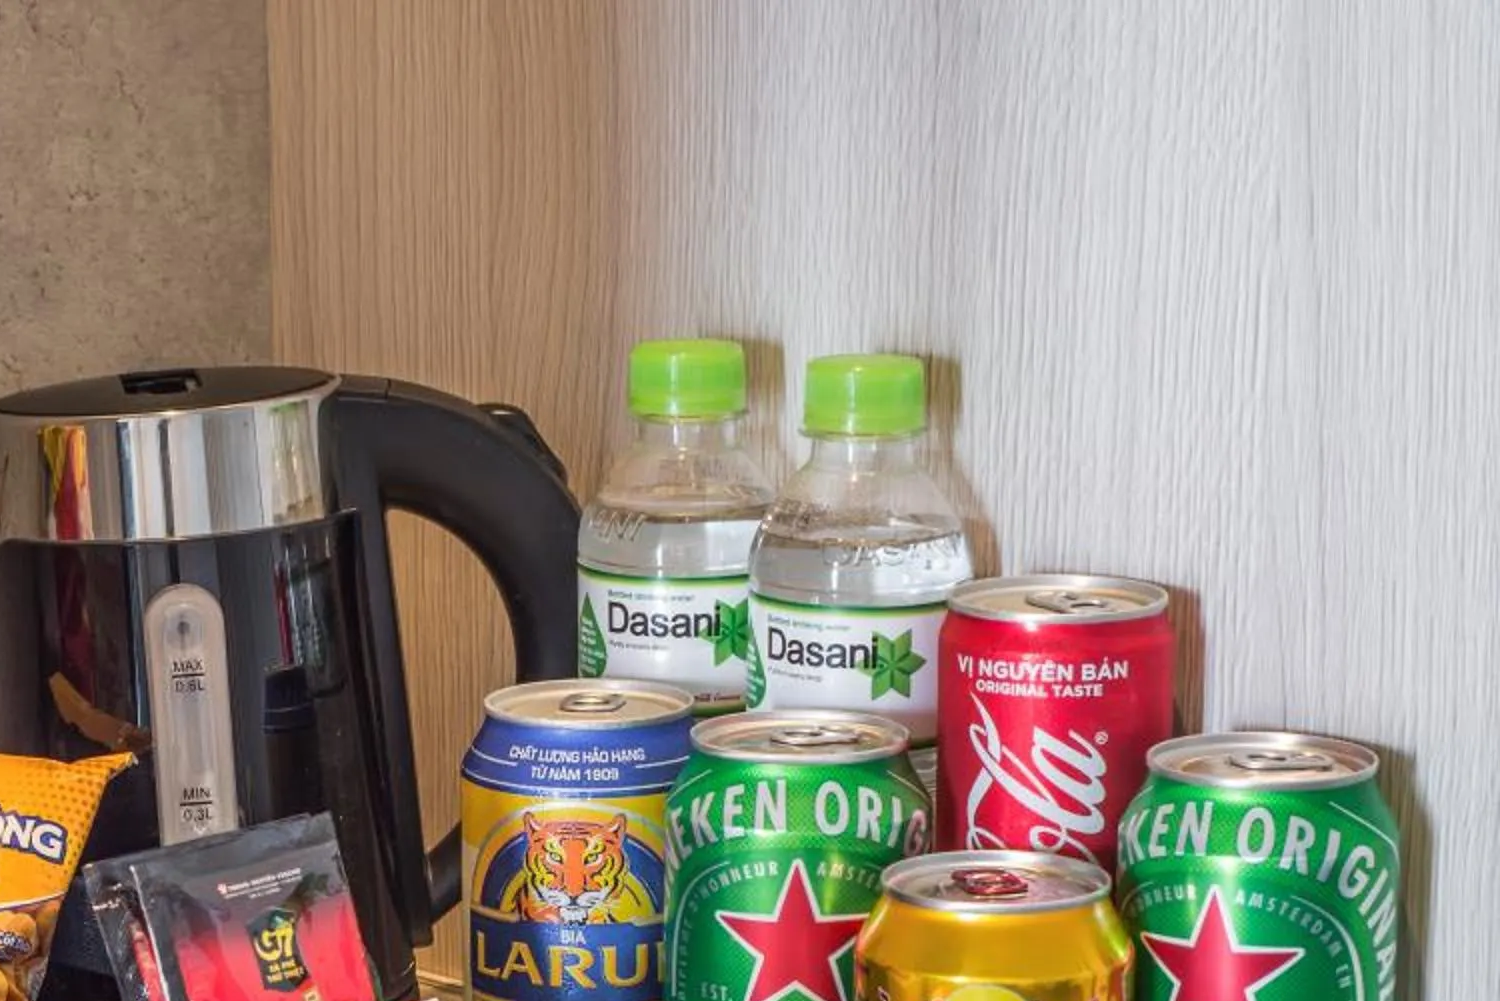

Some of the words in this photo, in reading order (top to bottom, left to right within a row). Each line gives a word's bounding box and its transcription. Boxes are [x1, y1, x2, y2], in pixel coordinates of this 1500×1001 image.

[607, 601, 721, 638] Dasani
[767, 626, 879, 669] Dasani
[173, 660, 204, 673] MAX
[975, 678, 1049, 698] ORIGINAL
[1053, 683, 1104, 698] TASTE
[183, 787, 211, 800] MIN
[814, 779, 930, 857] ORIG
[560, 930, 587, 945] BIA

———

Word for word, reproduce all of the data, but keep out the pictures.

### ANSWER BOX
Some of the words in this photo, in reading order (top to bottom, left to right within a row). Each line gives a word's bounding box and its transcription. Boxes are [x1, y1, x2, y2], in pixel coordinates of this 1500×1001 image.

[607, 601, 721, 638] Dasani
[767, 626, 879, 669] Dasani
[173, 660, 204, 673] MAX
[975, 678, 1049, 698] ORIGINAL
[1053, 683, 1104, 698] TASTE
[183, 787, 211, 800] MIN
[814, 779, 930, 857] ORIG
[560, 930, 587, 945] BIA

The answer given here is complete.